How to persist LARGE BLOBs (>100MB) in Oracle using Hibernate

19,050

Solution 1

I was having the same problems as you in attempting to map using "blob" type. Here is a link to a post I made on the hibernate site: https://forum.hibernate.org/viewtopic.php?p=2452481#p2452481

Hibernate 3.6.9
Oracle Driver 11.2.0.2.0
Oracle Database 11.2.0.2.0

To fix the problem I used code that had a custom UserType for the Blob, I had the return type be java.sql.Blob.

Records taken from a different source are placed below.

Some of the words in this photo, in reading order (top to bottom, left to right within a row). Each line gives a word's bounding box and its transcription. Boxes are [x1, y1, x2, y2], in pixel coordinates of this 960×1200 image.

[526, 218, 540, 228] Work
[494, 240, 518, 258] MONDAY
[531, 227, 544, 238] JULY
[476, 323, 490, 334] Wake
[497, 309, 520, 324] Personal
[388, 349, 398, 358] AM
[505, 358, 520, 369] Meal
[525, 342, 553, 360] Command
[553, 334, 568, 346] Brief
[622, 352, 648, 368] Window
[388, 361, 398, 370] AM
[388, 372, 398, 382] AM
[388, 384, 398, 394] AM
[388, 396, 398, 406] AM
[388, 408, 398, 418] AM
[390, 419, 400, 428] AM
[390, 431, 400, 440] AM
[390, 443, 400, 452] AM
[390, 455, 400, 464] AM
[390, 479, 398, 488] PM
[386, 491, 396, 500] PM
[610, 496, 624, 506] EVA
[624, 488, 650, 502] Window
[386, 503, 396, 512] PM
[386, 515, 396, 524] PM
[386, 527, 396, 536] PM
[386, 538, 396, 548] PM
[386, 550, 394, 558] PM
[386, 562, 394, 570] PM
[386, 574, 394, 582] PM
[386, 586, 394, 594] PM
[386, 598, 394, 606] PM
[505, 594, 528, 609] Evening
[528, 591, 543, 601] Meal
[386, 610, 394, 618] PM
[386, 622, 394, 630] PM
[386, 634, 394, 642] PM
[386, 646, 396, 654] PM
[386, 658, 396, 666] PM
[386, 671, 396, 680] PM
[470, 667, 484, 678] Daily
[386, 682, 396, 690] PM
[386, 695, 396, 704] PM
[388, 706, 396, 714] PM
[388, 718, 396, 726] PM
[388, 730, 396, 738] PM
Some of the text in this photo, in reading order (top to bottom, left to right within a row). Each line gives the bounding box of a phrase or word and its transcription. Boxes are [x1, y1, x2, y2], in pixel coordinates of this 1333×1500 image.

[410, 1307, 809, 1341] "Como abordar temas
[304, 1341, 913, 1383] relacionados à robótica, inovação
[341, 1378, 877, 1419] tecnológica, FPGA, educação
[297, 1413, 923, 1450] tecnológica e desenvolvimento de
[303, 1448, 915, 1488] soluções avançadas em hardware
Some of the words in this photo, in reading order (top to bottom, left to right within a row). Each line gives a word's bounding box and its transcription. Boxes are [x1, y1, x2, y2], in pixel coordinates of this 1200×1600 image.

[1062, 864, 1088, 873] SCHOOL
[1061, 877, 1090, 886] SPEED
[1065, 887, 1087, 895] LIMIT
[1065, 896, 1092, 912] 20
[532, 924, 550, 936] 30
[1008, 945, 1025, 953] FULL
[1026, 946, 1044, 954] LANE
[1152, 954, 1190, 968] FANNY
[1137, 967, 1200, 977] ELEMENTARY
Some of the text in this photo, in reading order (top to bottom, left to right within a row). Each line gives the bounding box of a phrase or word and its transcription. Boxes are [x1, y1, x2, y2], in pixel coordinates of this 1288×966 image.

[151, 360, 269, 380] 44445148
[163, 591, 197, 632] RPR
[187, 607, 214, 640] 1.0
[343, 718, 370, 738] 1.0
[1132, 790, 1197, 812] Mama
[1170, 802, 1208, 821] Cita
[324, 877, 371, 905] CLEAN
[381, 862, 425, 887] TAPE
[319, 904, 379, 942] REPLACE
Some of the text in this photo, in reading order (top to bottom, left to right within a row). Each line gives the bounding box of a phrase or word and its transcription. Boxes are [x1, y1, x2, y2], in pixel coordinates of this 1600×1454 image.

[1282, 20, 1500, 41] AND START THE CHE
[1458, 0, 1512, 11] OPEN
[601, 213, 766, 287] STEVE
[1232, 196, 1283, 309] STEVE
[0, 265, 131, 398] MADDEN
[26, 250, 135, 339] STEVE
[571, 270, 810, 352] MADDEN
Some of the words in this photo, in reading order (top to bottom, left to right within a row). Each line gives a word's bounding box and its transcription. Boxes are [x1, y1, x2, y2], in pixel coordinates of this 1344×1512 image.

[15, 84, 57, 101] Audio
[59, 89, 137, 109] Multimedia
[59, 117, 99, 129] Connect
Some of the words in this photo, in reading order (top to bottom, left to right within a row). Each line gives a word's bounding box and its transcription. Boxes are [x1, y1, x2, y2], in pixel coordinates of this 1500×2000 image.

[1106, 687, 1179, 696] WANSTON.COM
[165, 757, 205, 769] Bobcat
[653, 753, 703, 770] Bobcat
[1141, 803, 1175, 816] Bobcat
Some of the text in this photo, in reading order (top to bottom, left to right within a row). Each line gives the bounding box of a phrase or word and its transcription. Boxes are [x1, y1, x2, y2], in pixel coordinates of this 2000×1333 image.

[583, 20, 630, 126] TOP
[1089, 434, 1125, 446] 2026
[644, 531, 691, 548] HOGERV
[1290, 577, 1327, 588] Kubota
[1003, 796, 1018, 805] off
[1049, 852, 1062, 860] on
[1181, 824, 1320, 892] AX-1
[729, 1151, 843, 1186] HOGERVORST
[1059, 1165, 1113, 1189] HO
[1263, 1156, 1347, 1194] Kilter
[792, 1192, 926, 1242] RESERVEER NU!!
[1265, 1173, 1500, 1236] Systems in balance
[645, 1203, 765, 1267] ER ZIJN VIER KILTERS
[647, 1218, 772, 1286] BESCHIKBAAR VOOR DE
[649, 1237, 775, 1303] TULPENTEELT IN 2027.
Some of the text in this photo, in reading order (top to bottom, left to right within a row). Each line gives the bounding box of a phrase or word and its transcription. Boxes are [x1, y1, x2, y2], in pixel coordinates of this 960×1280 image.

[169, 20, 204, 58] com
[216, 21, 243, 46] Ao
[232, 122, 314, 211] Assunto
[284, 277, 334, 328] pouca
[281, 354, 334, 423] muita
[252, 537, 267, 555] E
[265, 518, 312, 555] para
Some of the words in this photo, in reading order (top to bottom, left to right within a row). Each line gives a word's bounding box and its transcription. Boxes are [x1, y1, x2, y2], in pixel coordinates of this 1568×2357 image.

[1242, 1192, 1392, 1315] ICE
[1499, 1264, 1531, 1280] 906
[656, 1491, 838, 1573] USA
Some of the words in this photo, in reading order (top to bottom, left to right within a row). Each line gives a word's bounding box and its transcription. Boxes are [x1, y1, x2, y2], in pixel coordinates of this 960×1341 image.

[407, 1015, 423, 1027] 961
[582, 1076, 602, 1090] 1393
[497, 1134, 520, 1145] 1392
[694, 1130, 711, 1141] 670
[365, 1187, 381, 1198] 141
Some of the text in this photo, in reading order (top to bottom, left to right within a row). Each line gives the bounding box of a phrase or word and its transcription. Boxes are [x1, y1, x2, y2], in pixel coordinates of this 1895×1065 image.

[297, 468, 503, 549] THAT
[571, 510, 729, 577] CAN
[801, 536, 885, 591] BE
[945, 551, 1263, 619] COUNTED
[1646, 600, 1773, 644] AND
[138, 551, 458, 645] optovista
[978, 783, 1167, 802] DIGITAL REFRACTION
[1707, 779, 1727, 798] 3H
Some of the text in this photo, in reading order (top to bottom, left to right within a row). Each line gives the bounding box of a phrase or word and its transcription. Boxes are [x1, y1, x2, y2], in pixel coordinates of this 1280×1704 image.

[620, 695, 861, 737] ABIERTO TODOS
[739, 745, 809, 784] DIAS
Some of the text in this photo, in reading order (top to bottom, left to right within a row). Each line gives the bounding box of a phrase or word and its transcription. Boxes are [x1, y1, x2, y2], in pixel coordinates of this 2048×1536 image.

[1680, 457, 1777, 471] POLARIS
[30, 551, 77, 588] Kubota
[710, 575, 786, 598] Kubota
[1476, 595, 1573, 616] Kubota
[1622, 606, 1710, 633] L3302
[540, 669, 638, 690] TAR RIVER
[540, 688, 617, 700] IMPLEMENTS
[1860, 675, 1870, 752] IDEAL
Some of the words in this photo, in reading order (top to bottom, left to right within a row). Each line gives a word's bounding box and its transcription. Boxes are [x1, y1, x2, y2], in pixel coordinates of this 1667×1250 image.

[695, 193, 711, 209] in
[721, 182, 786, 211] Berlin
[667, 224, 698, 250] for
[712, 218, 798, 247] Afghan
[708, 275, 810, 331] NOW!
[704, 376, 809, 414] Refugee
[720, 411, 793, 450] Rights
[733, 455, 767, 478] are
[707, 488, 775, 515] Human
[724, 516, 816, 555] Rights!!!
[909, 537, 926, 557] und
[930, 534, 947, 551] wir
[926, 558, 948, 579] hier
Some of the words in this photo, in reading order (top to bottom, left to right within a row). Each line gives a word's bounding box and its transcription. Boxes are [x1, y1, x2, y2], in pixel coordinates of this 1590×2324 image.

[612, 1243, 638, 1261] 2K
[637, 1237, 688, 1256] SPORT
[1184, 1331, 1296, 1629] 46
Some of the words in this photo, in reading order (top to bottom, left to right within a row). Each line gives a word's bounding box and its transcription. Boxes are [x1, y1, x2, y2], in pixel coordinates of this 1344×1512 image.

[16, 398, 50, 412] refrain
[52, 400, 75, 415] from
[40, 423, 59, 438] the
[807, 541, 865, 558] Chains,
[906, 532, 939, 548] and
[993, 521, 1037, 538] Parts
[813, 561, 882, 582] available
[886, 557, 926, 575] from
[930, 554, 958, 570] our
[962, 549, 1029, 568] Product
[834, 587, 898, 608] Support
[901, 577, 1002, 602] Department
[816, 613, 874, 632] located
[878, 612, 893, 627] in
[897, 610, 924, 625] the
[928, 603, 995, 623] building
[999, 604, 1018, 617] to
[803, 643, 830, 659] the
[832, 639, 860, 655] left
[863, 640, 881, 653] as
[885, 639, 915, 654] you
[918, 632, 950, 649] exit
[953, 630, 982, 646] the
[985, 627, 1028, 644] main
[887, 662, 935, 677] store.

Here are the key method implementations of this UserType:

public Object nullSafeGet(ResultSet rs, String[] names, Object owner) throws HibernateException, SQLException {

   Blob blob = rs.getBlob(names[0]);
   if (blob == null)
      return null;

   return blob;
}

public void nullSafeSet(PreparedStatement st, Object value, int index)
     throws HibernateException, SQLException {
   if (value == null) {
      st.setNull(index, sqlTypes()[0]);
   }
   else {
      InputStream in = null;
      OutputStream out = null;
      // oracle.sql.BLOB
      BLOB tempBlob = BLOB.createTemporary(st.getConnection(), true, BLOB.DURATION_SESSION);
      tempBlob.open(BLOB.MODE_READWRITE);
      out = tempBlob.getBinaryOutputStream();
      Blob valueAsBlob = (Blob) value;
      in = valueAsBlob.getBinaryStream();
      StreamUtil.toOutput(in, out);
      out.flush();
      StreamUtil.close(out);
      tempBlob.close();
      st.setBlob(index, tempBlob);
      StreamUtil.close(in);
   }
}

Solution 2

Personally I store files up to 200MB in Oracle BLOB columns using Hibernate, so I can assure it works. So...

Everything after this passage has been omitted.